I took mines out because i was starting to get a rash because of micro ring and skin contacts plus the heat doesnt work well either.haha

you should try it!

I decided not t get it from the salon because they cost alot of money! it was a no no no for me.

Heres my before i had extensions:







And with hair extensions:

*me in red and thats cellycell






here you can my extensions if you look closely..this is called microring extensions.






let me know if you have any questions. i hope i can help.


----------



## NYchic (Mar 22, 2007)

omg i LOVE ittttt, the long hair looks beautiful  /emoticons/[email protected] 2x" width="20" height="20" /> thanks for posting the pretty pictures!

well this is what i did yesterday, i went to this beauty store and bought a clip on hair extension so i can try it and see how it looks before i go to the salon and actually get it done.

i havent put it on yet but i liked it so i might actually go get it done and i found this salon, patricias salon in nyc that i can get it done. i dunno the price yet, i have to call and ask fro prices. but i will prolly get it done too. i cant wait!


----------



## TheOpenRoad (Mar 22, 2007)

I got extensions done last summer for about $200ish... It was kind of like a "weave" because the extensions were sewn in. With whatever method that was, it is difficult to wash your scalp and I feel like a lot of product, dandruff and whatever else building up in the initial braid that they to to "sew" the extension into (you don't see the braid, it is under your hair).

So basically it itched like hell and I took them out myself like 2 weeks later. :kopfkratz: I got them done at a fairly cheap place in NJ... and since my experience wasn't that great I wouldn't really recommend going there. I did *really* like the look of the long hair (which was good quality real hair), I just wish it wasn't so uncomfortable when I got it done. :sleepyhead:

Before (just for an idea of how long my hair was)
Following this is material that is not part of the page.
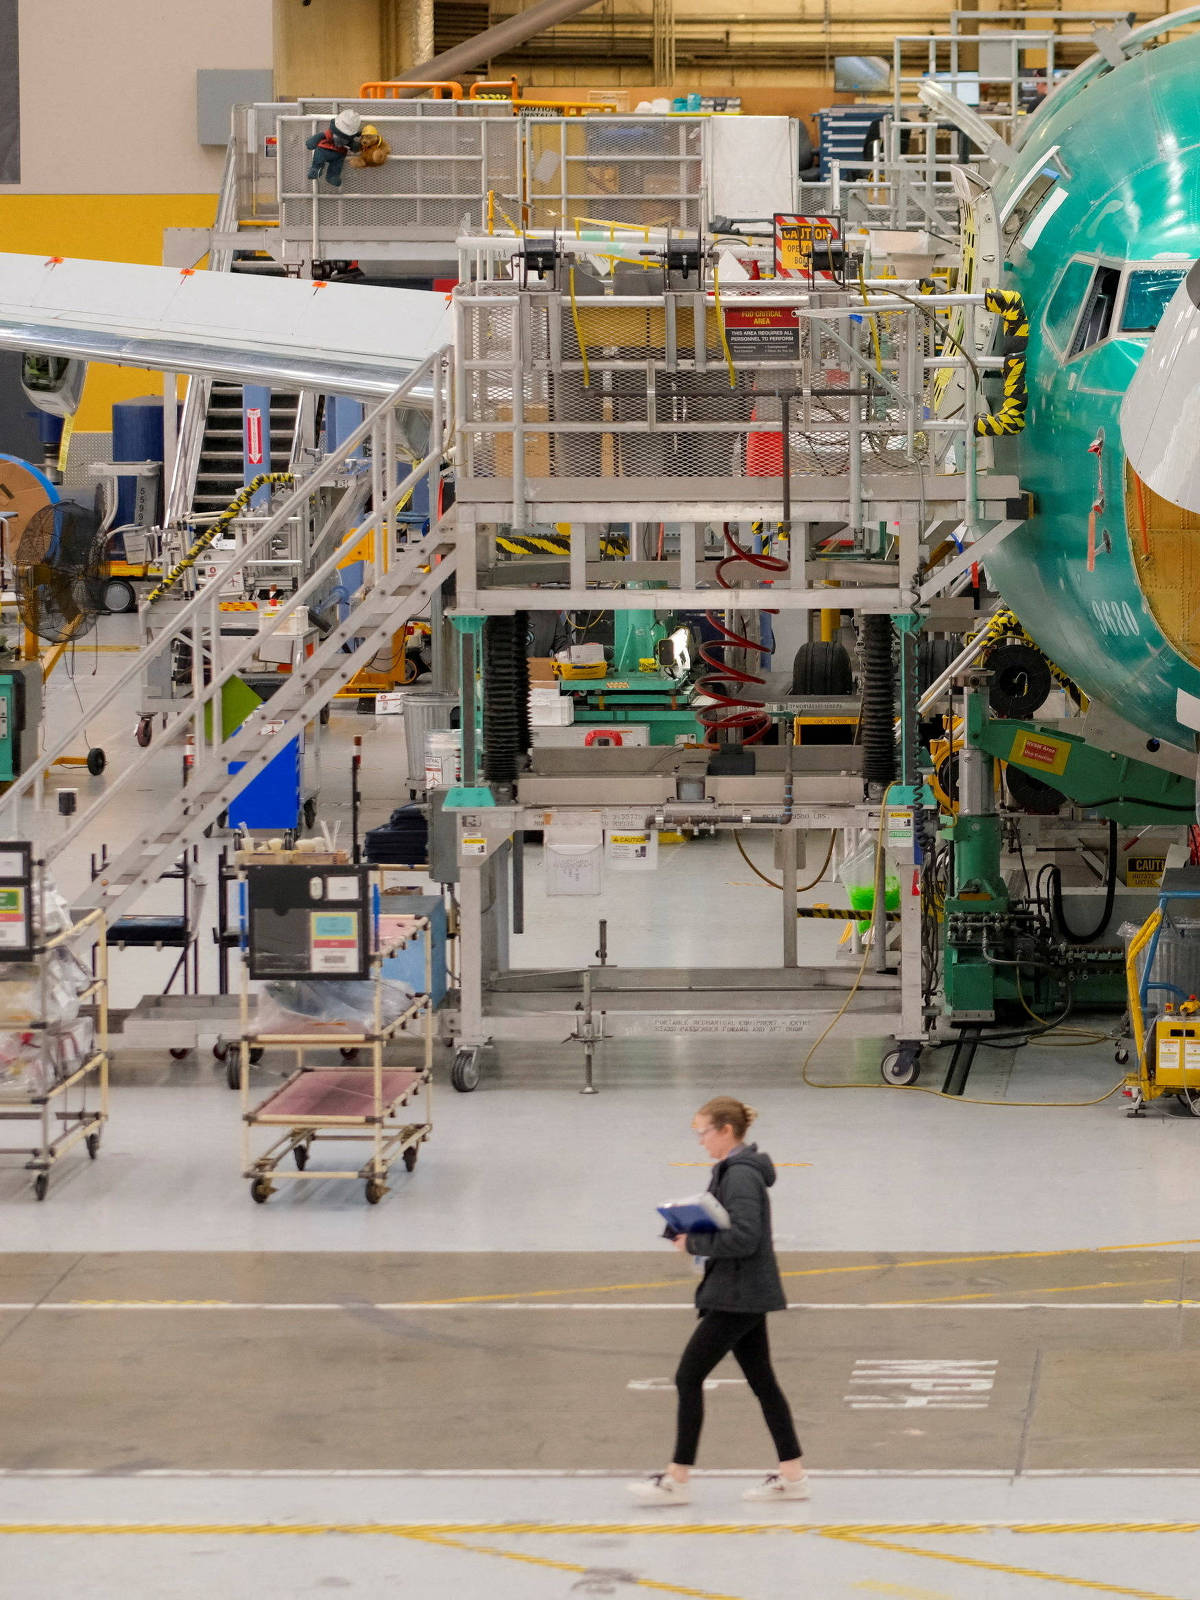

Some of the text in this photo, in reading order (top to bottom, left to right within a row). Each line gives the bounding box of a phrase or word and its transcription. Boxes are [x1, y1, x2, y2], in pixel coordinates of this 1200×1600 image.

[783, 226, 829, 240] CAUTON
[1091, 599, 1140, 637] 9680
[843, 1359, 999, 1409] MPH
It was a little above my shoulder:






And with the extensions:


----------



## Sprite7 (Mar 22, 2007)

I tried clip in extensions last year. I ordered a set online. They were actually really cool. My problem is that my hair is wavy and thick, that there weren't enough extensions for my head. If I ordered more, my hair would have looked too huge. They are AMAZING for people who have thin hair, or hair that's very straight. I would definitly order them if my hair was different. What I liked about them, is that you just clip them out at the end of the day. You don't have to sleep in them, and you can wash your hair like normal. (The brand I used was called easihair)
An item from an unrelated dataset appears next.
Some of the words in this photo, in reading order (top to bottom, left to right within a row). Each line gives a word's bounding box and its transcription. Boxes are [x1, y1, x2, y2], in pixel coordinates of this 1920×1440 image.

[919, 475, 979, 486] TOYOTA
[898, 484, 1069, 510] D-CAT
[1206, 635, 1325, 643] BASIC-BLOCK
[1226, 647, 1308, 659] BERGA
Now I just use clip in highlights (called easilites). They're fun, and best of all...you're not damaging your hair!  /emoticons/[email protected] 2x" width="20" height="20" />


----------



## puff8990 (Mar 22, 2007)

I would love to try them but my hairstylist told me my hair is to thin for them and the only other salone that I found that is willing to do them said it would be $1500. I could put a down payment on a car for that much. Ouch!


----------



## hollyxann (Mar 22, 2007)

do you remember the site you got them off of?? id love to get some extensions since im used to long hair and had my chopped off back in decemeber.
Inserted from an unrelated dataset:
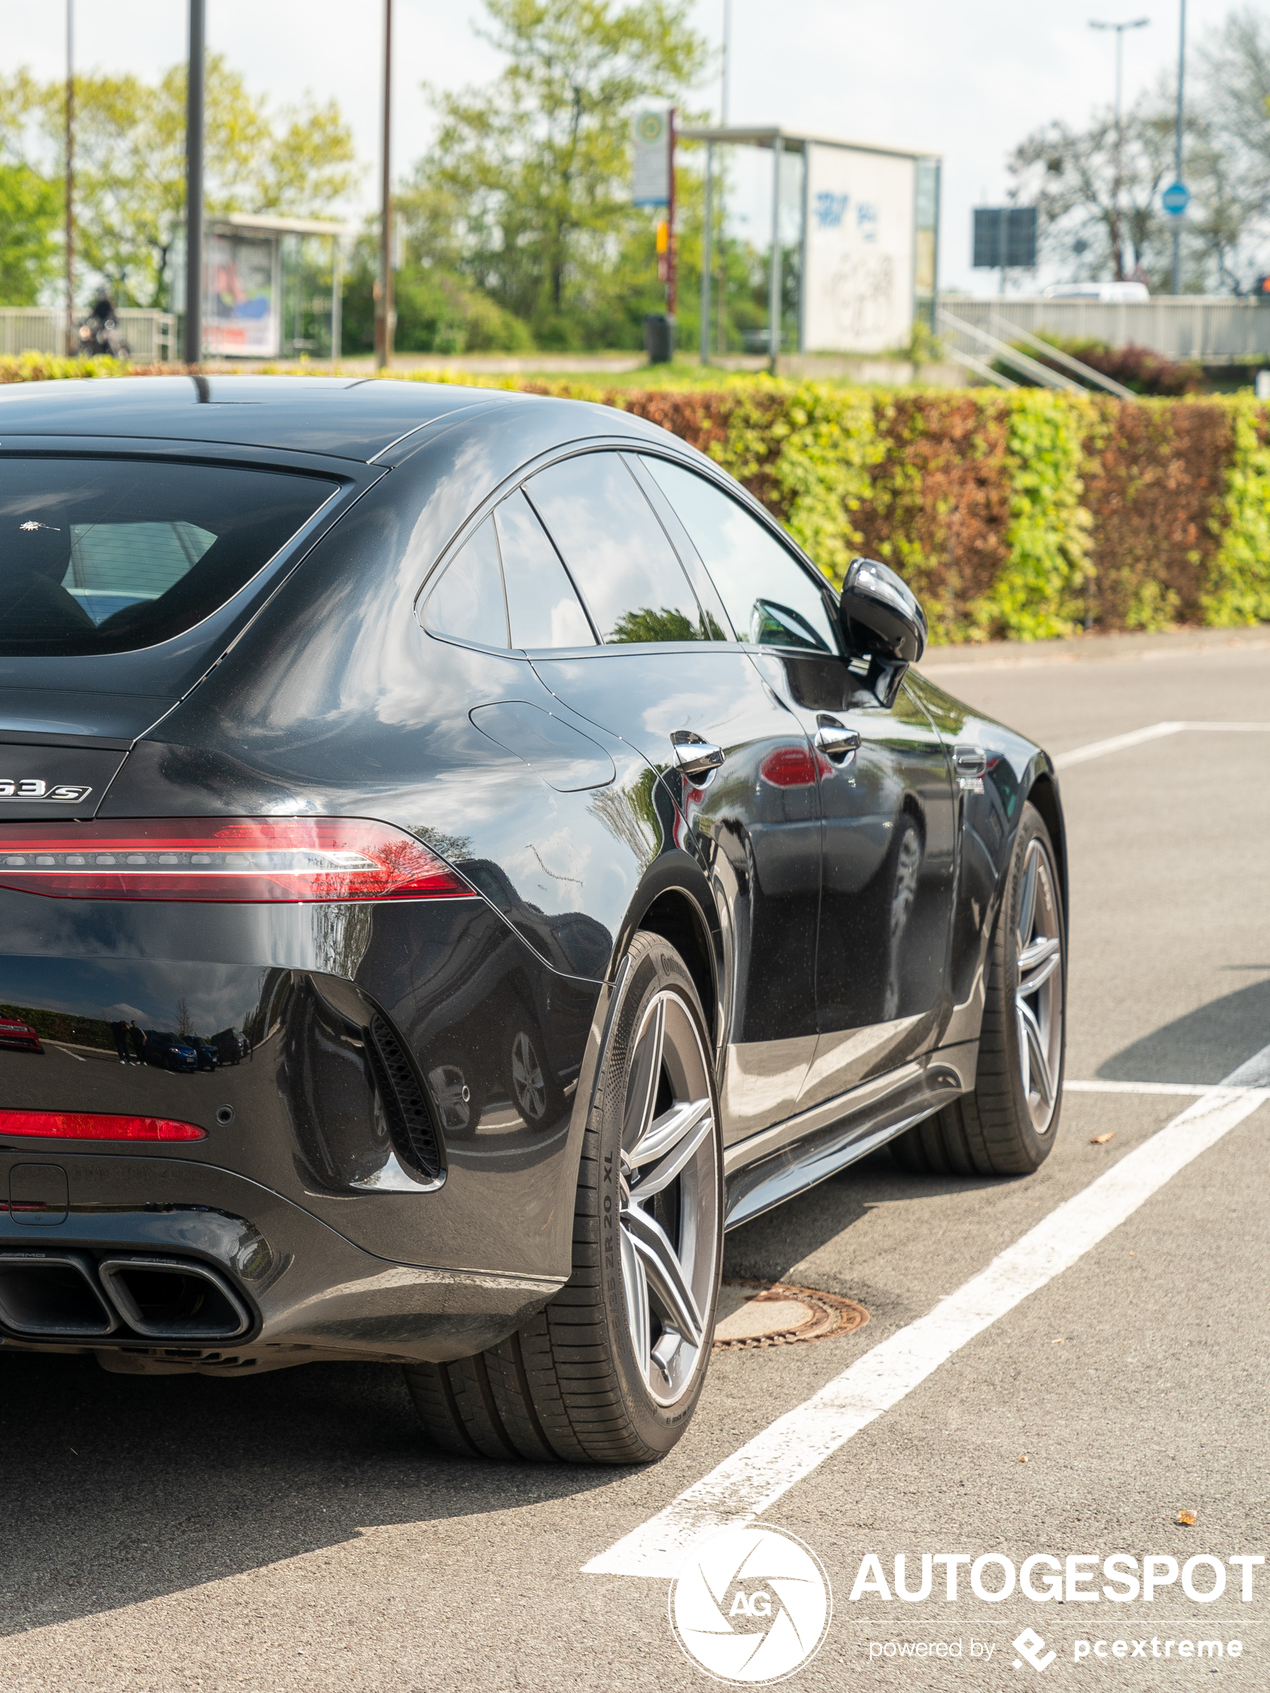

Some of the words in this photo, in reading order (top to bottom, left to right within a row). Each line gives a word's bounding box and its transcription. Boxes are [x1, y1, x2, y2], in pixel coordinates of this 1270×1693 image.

[604, 1150, 612, 1184] XL
[603, 1194, 612, 1229] 20
[604, 1235, 614, 1270] ZR
note to self: never cut hair shorter than the shoulders.


----------



## puff8990 (Mar 22, 2007)

I would love to know where you got them too. I agree never cut your hair if you get it to the point where it is long. Of course I had mine cut not by choice. I tried a new stylist and I asked for a "trim" and next thing I knew I had a bob. Needless to say I am going through the pains of growing out my hair and extensions would be a lifesaver.


----------



## XkrissyX (Mar 22, 2007)

i didnt get it that cause i know it will be expensve...i went to a site called yourhairshop.com and they showed you all the different types of hair extensions..I chose the micro-ring extension cuz itll look for proffesional and celebrities used that method than the sew in. I was able to put it up or down, without being obvious i have extensions on.

They had tutorials so, my mom and i bought the hair and the rings and put it ourselves.hahha

Now its summer i decided to get a cut. So i got a bob cut now, i heard its in for spring and summer.

i can always put my hair extensions again if i want to have long hair again.

But it takes hours.hahah


----------



## justdragmedown (Mar 23, 2007)

I wanted extensions an i bought mine at sallys. I bought the hair weft and sewed the clips on myself. If buying from sallys I would reccoment cutting the two pieces and sweing them together since the hair is thin or look for a thicker version. I like the clips their not hard to use and stay in well when u get the hang of it.


----------



## rehnuma (Mar 28, 2007)

is it too expensive? m plnning to get pink and purple onez ...


----------



## KatJ (Mar 28, 2007)

justdragmedown, i did the same thing when i bought the vienna hair, it's much thinner than the more expensive euronext hair


----------



## justdragmedown (Mar 29, 2007)

its cheap! I paid 1.99 for the clips and then about 15 for the hair i think. I had alot though, i still have hair left over. If I were you I would get the blonde real hair and dye it with semi perm. or perm dye if it's safe since I dont like the look of the fake hair much, its up to you though.


----------



## xjudyx (Mar 29, 2007)

i got a set of i think 10 synthetic clip ins for around $70 at extensions.com

i like them alot since it was the kind you could curl if you wanted curly or straight.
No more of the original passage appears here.